· 2 min read

Báitáng Guōkuī (白糖锅盔)

White sugar guokui; sweet version with sugar filling.

Báitáng Guōkuī (白糖锅盔) is the white-sugar version of guokui, a thick griddle-baked wheat flatbread carrying a seam of plain sugar that melts as it cooks. The angle is heat and timing rather than richness. There is almost nothing in this guōkuī beyond dough and sugar, so the whole effect rests on getting the inside to a molten sweet pocket while the outside firms to a dry, slightly chewy crust, in a window of a minute or two. Done right you break it open and the sugar runs hot and just shy of caramel; done wrong the sugar stays gritty and undissolved or scorches black against the pan.

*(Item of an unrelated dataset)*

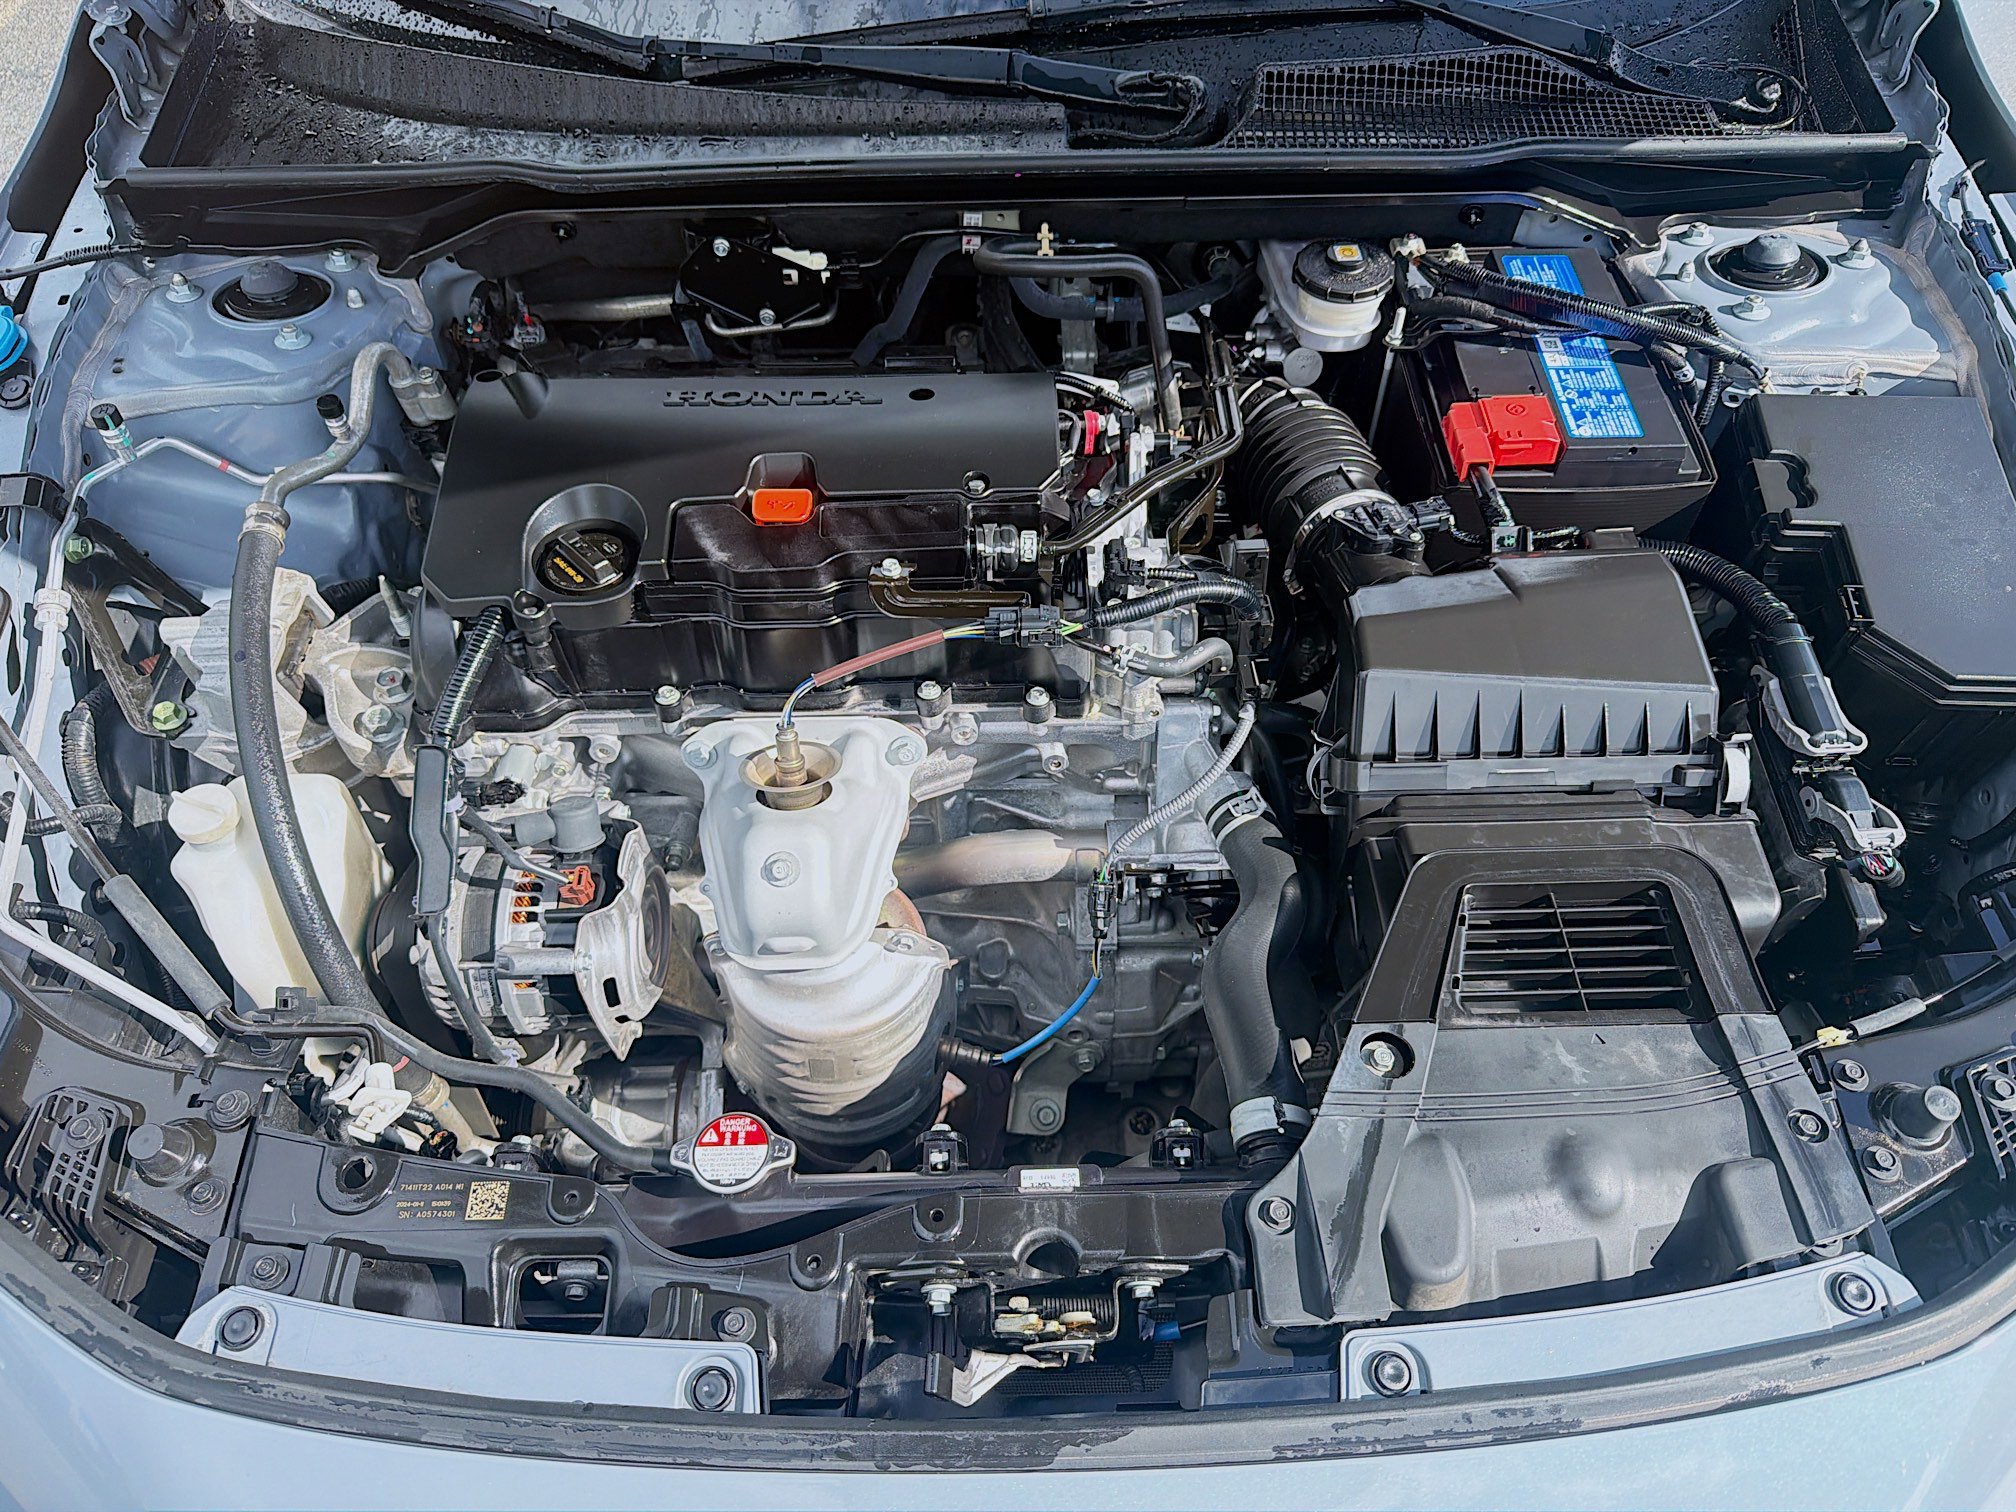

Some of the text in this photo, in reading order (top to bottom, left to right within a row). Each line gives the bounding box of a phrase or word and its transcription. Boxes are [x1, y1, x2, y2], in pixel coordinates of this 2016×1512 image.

[663, 391, 882, 407] HONDA
[720, 1118, 751, 1126] DANGER
[399, 1211, 413, 1219] SN:

The build is a folded-and-flattened bread, not a filled pie. A firm, low-water wheat dough is rested until it rolls out without snapping back, then brushed thin with oil and dusted heavily with white sugar before being rolled up, coiled, and pressed flat so the sugar sits in spiraled layers through the disc rather than in one lump that would burn. The shaped round goes onto a hot dry or barely greased griddle, weighted or pressed so both faces brown evenly, and is turned through until the surface is firm and freckled and the center has gone soft and liquid. Good execution shows a crust that is dry and a touch crisp with a chewy crumb just beneath, and a center where the sugar has fully melted into the dough without pooling out. The failure modes are specific: too much sugar in one place blows out a hole and the syrup welds to the pan and burns bitter, too low a heat leaves the sugar grainy and the bread pale and tough, and skipping the coil step gives you a sweet patch in the middle and dry bread everywhere else.

It shifts by how the sugar is handled and what is added with it. Some cooks fold in a little crushed sesame, walnut, or a pinch of osmanthus with the sugar to push it toward fragrant rather than flatly sweet; a brushing of sesame on the outer face adds aroma and a darker toast. The savory members of the same family swap the sugar for scallion, salt, or spiced minced meat and are pressed and griddled the same way, and those are their own preparations rather than crowded in here. The thick, sturdy build is what holds the line: thin it out and it becomes a different flatbread, but kept dense and griddle-hardened around a melted sweet core it stays squarely báitáng guōkuī.